Methods: A retrospective study was conducted, involving 284 patients with depressive disorders and 214 healthy controls recruited between January and October 2024. Clinical data, including age, sex, and routine blood test results, were collected. The dataset was randomly divided into a training set (70%; n=348) and a test set (30%; n=150). Univariate logistic regression analysis (p<0.1) was initially performed to identify potential predictors, followed by feature selection using the Boruta and LASSO algorithms. Seven machine learning algorithms were employed to construct predictive models, with their performance evaluated using metrics such as AUC, sensitivity, specificity, positive predictive value (PPV), negative predictive value (NPV), precision, recall, and F1 score.
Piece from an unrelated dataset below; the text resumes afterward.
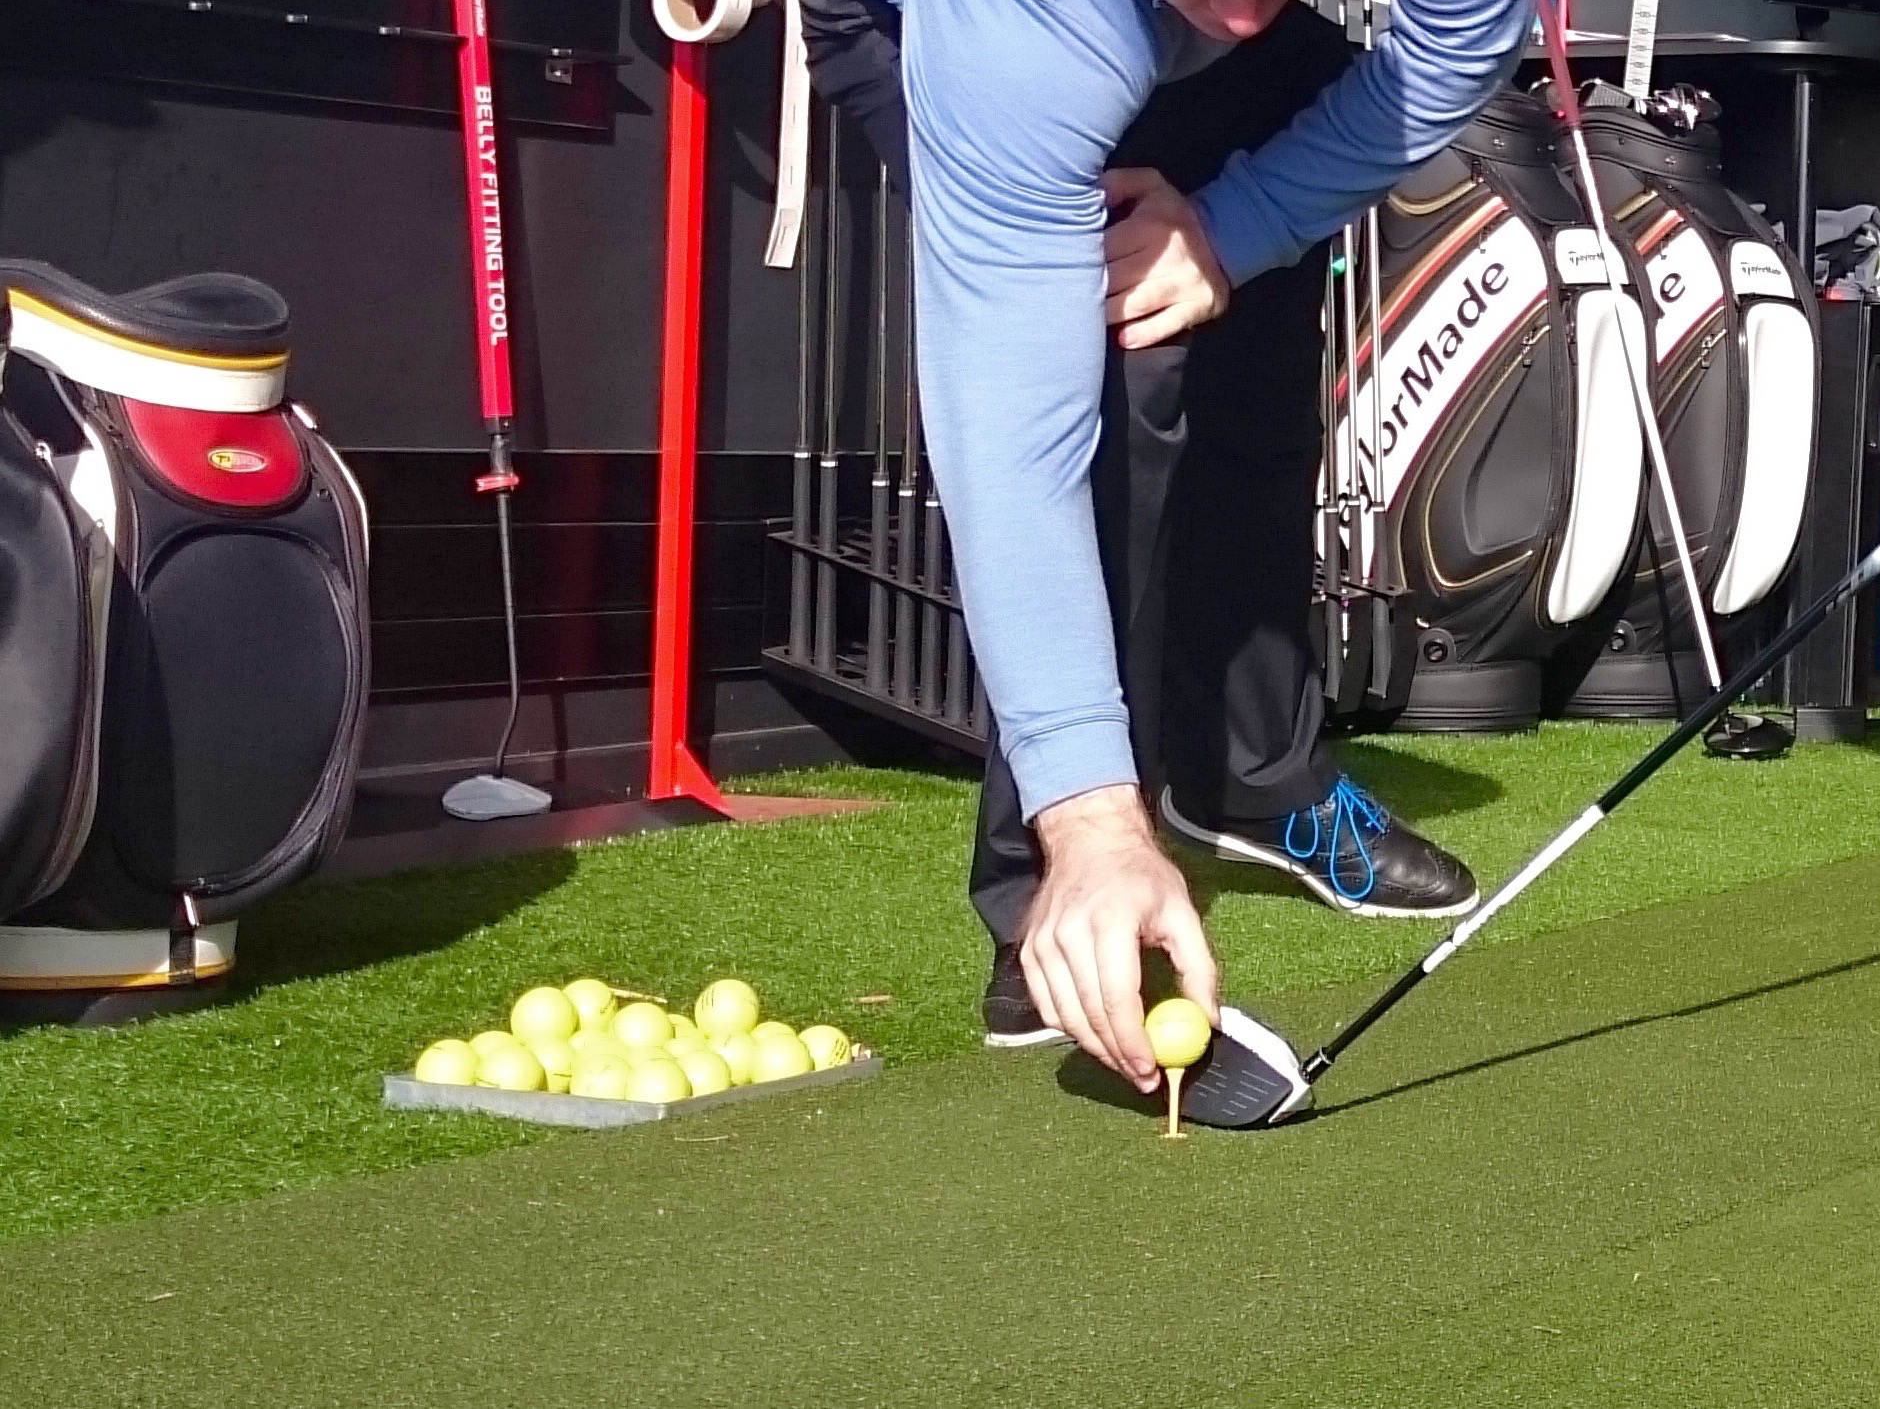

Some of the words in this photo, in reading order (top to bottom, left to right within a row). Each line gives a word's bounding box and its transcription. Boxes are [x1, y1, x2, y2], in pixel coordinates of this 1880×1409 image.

A multivariable logistic regression model was subsequently used to develop a nomogram, and its discrimination, calibration, and clinical utility were comprehensively assessed.
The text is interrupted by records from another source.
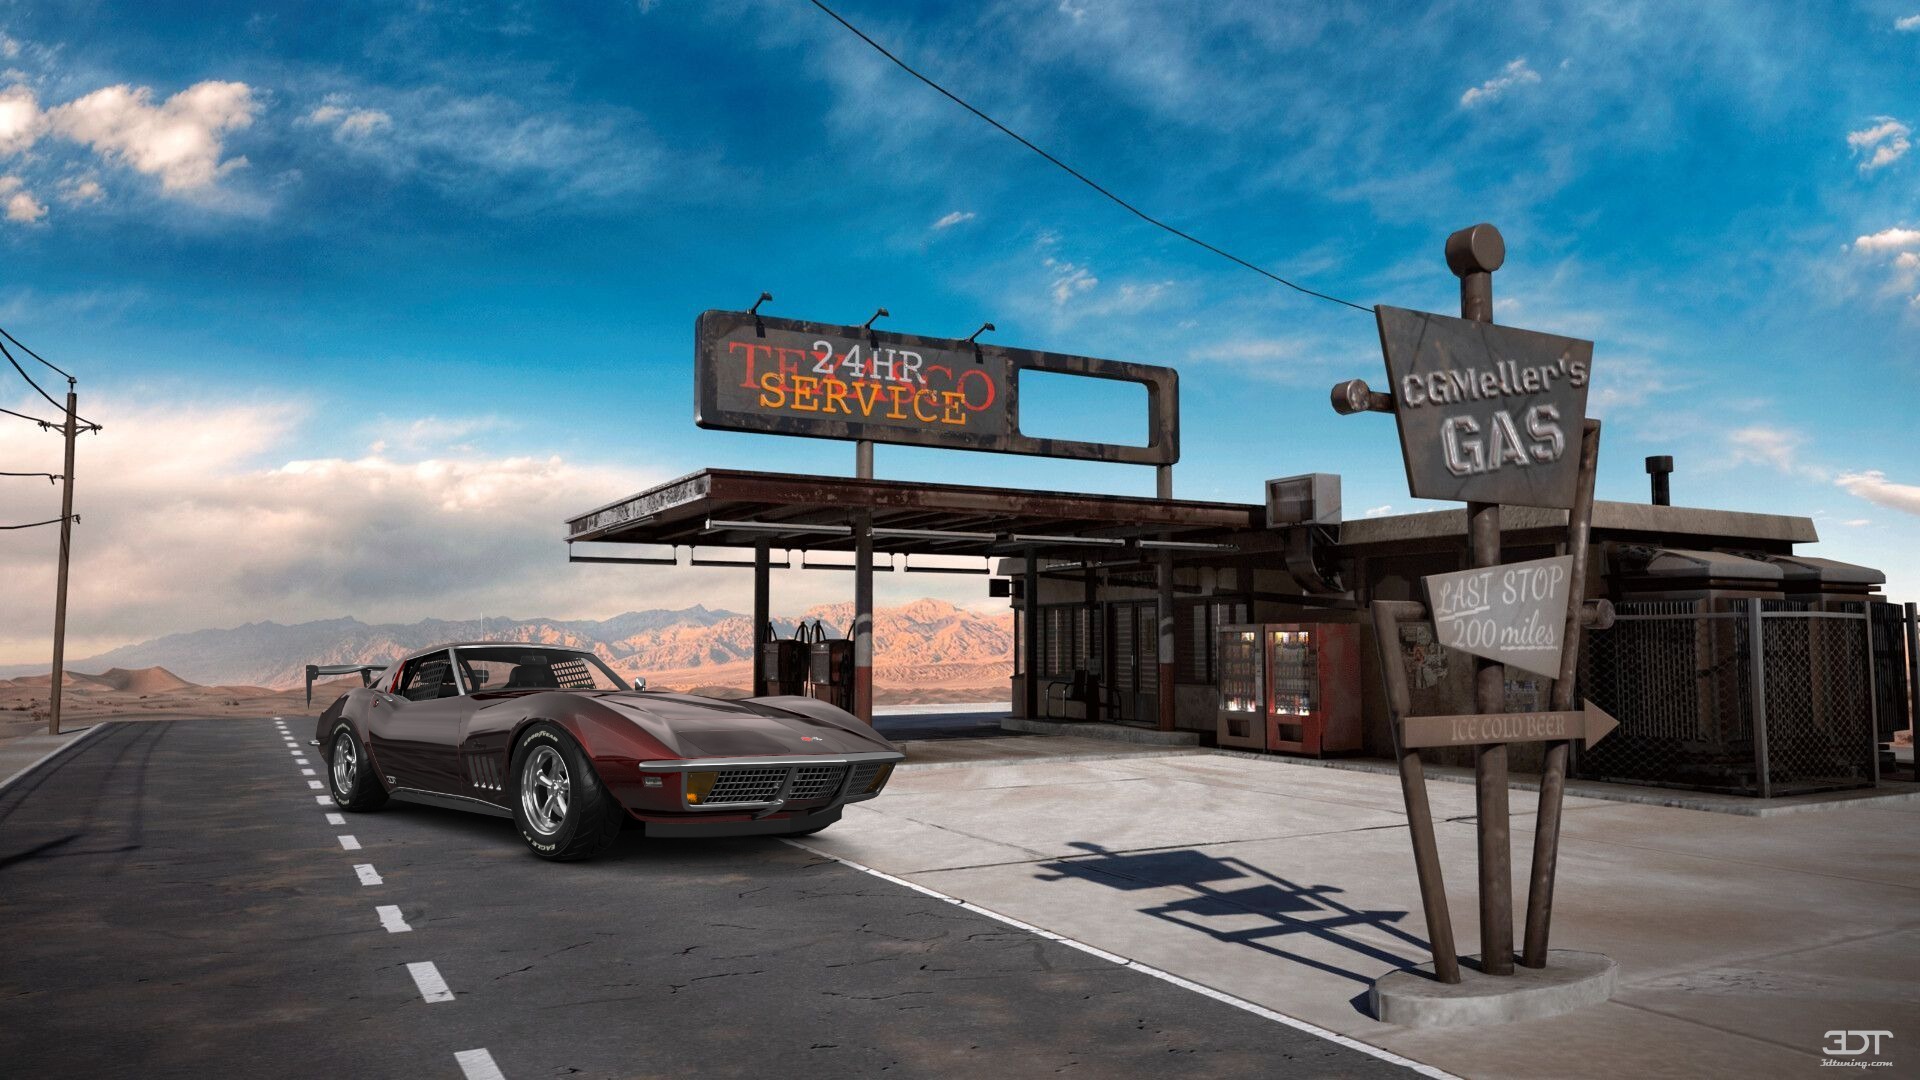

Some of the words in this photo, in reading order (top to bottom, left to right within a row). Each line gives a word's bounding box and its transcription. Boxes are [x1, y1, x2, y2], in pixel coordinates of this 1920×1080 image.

[813, 340, 926, 384] 24HR
[760, 371, 966, 425] SERVICE
[1440, 403, 1566, 477] GAS
[1438, 572, 1493, 614] LAST
[1502, 565, 1563, 605] STOP
[1452, 618, 1498, 649] 200
[1500, 608, 1555, 647] miles
[1452, 717, 1478, 741] ICE
[1480, 716, 1523, 740] COLD
[1526, 714, 1566, 737] BEER
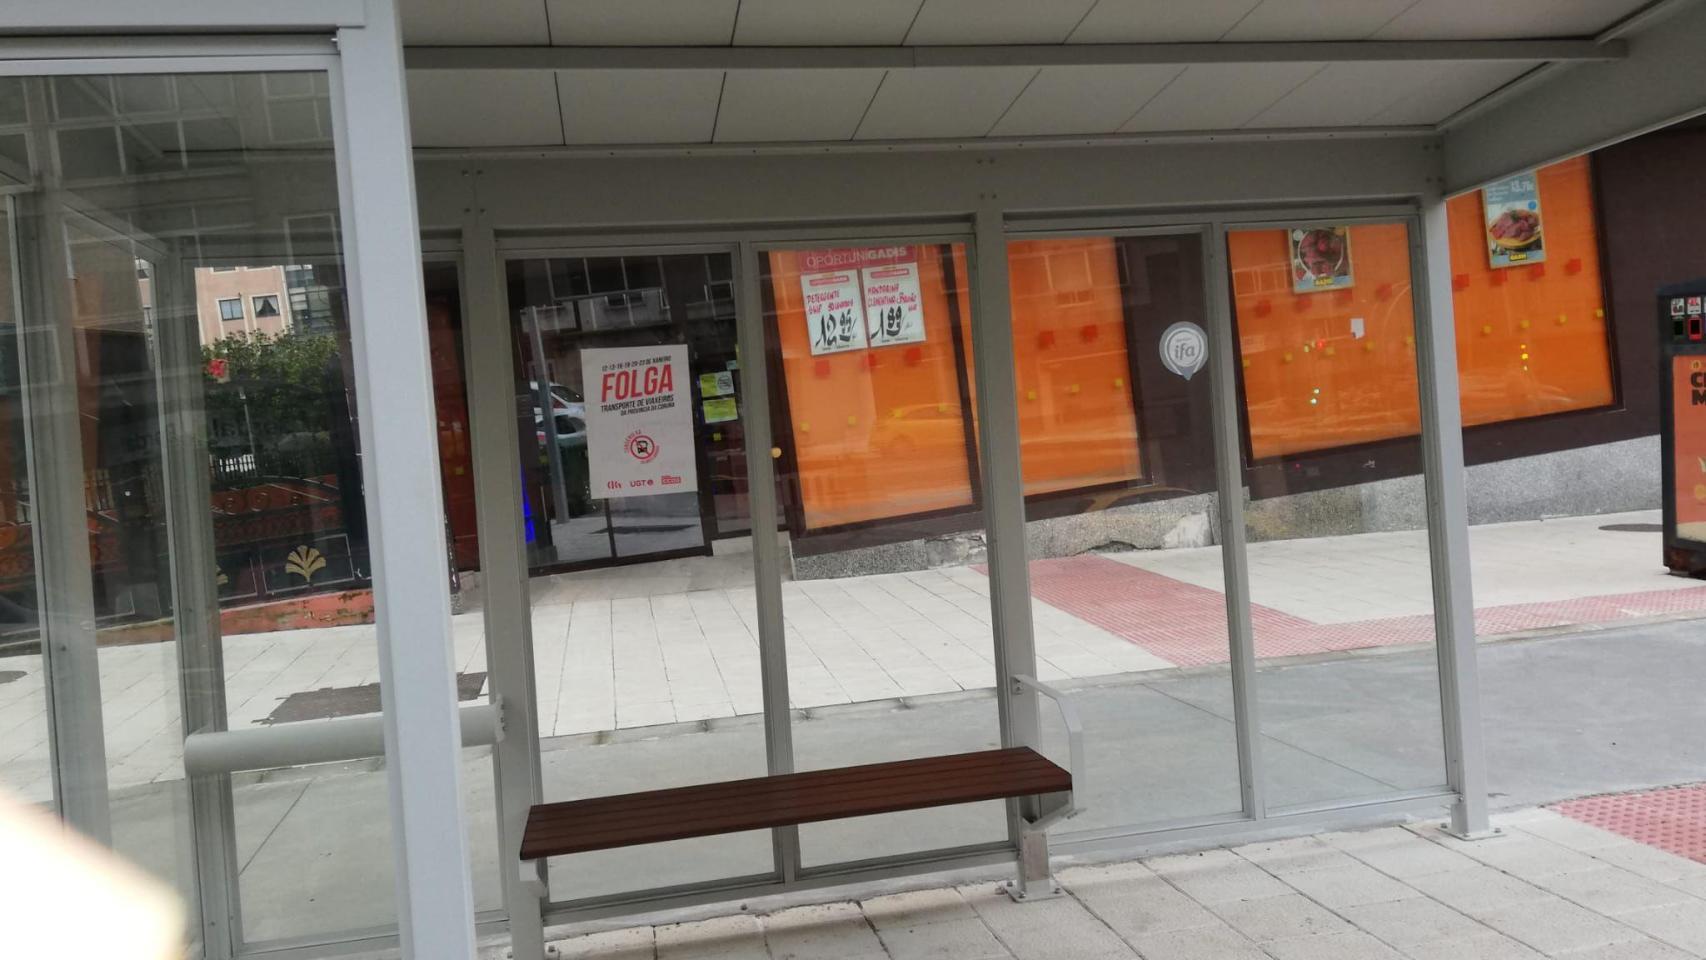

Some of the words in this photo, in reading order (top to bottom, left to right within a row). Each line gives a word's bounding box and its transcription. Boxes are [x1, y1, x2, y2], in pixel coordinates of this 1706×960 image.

Results: Four significant predictors (alkaline phosphatase [AKP], serotonin, phenylalanine [Phe], and arginine [Arg]) were identified through univariate logistic regression combined with Boruta and LASSO feature selection. Among the seven algorithms, the random forest model exhibited the highest AUC, achieving an AUC of 1.000 (95% CI: 1.000-1.000) in the training set and 0.958 (95% CI: 0.931-0.985) in the test set. However, due to concerns about potential overfitting, the multivariable logistic regression model was selected as the final predictive model. A nomogram was constructed based on this model.
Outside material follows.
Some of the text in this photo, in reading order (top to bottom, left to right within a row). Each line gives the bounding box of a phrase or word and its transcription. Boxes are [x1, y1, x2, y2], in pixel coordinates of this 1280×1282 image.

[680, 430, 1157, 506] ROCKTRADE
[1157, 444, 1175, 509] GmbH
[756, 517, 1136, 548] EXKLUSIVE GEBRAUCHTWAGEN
Conclusion: This study successfully developed a clinically interpretable risk prediction model for depressive disorders by integrating machine learning algorithms and routine blood test indicators. The logistic regression model demonstrated robust performance across all metrics and holds potential as a reliable auxiliary tool for the diagnosis of depressive disorders.

查看原文本刊更多论文

基于7种机器学习算法的抑郁症临床风险预测模型

目的：利用7种机器学习算法建立基于血常规指标的抑郁症临床风险预测模型。方法：对2024年1 - 10月招募的284例抑郁症患者和214例健康对照者进行回顾性研究。收集临床资料，包括年龄、性别和血常规检查结果。数据集被随机分成训练集(70%；N =348)和一个测试集(30%；n = 150)。单因素logistic回归分析(结果：通过单因素logistic回归结合Boruta和LASSO特征选择，确定了碱性磷酸酶（AKP）、血清素（serotonin）、苯丙氨酸（Phe）和精氨酸（Arg）四个显著预测因子。7种算法中，随机森林模型的AUC最高，训练集的AUC为1.000 (95% CI: 1.000 ~ 1.000)，测试集的AUC为0.958 （95% CI: 0.931 ~ 0.985）。然而，由于担心潜在的过拟合，我们选择了多变量逻辑回归模型作为最终的预测模型。在此模型的基础上构造了一个nomogram。结论：本研究将机器学习算法与常规血液检测指标相结合，成功建立了临床可解释的抑郁症风险预测模型。逻辑回归模型在所有指标上表现出稳健的表现，并有可能成为抑郁症诊断的可靠辅助工具。

本文章由计算机程序翻译，如有差异，请以英文原文为准。

求助全文

约1分钟内获得全文求助全文

来源期刊

International Journal of General Medicine Medicine-General Medicine

自引率

0.00%

发文量

1113

审稿时长

16 weeks

期刊介绍： The International Journal of General Medicine is an international, peer-reviewed, open access journal that focuses on general and internal medicine, pathogenesis, epidemiology, diagnosis, monitoring and treatment protocols. The journal is characterized by the rapid reporting of reviews, original research and clinical studies across all disease areas. A key focus of the journal is the elucidation of disease processes and management protocols resulting in improved outcomes for the patient. Patient perspectives such as satisfaction, quality of life, health literacy and communication and their role in developing new healthcare programs and optimizing clinical outcomes are major areas of interest for the journal. As of 1st April 2019, the International Journal of General Medicine will no longer consider meta-analyses for publication.